**TASK PROMPT:**
Everything in the entries except the pictures should be copied exactly.

**SUPPLIED DATA:**
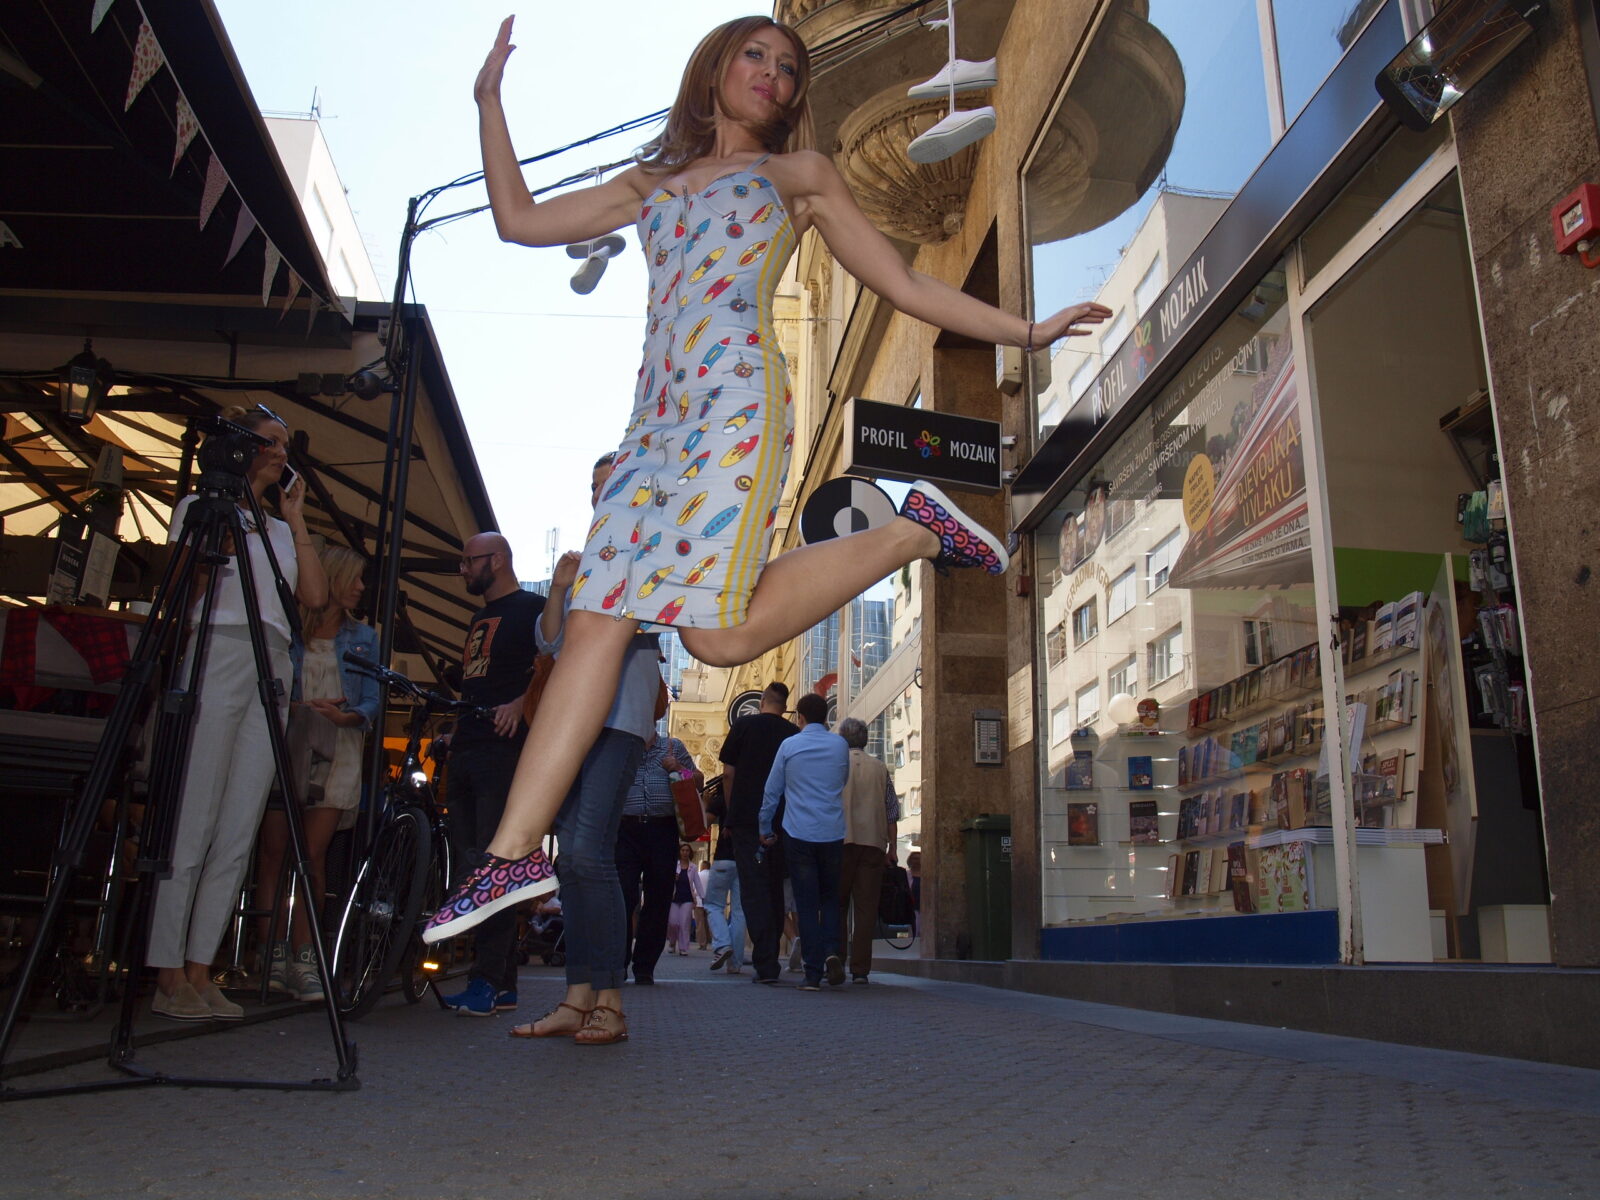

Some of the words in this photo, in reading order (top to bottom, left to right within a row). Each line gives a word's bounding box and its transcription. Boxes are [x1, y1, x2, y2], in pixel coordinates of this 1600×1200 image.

[1092, 360, 1127, 425] PROFIL
[1160, 255, 1209, 343] MOZAIK
[861, 425, 908, 449] PROFIL
[950, 440, 996, 464] MOZAIK
[1148, 427, 1190, 477] SAVRŠENOM
[1237, 416, 1299, 505] DJEVOJKA
[1242, 504, 1250, 527] U
[1250, 462, 1293, 521] VLAKU
[1281, 537, 1307, 553] VAMA.
[1284, 518, 1304, 535] ONA.

**TASK SOLUTION:**
Some of the words in this photo, in reading order (top to bottom, left to right within a row). Each line gives a word's bounding box and its transcription. Boxes are [x1, y1, x2, y2], in pixel coordinates of this 1600×1200 image.

[1092, 360, 1127, 425] PROFIL
[1160, 255, 1209, 343] MOZAIK
[861, 425, 908, 449] PROFIL
[950, 440, 996, 464] MOZAIK
[1148, 427, 1190, 477] SAVRŠENOM
[1237, 416, 1299, 505] DJEVOJKA
[1242, 504, 1250, 527] U
[1250, 462, 1293, 521] VLAKU
[1281, 537, 1307, 553] VAMA.
[1284, 518, 1304, 535] ONA.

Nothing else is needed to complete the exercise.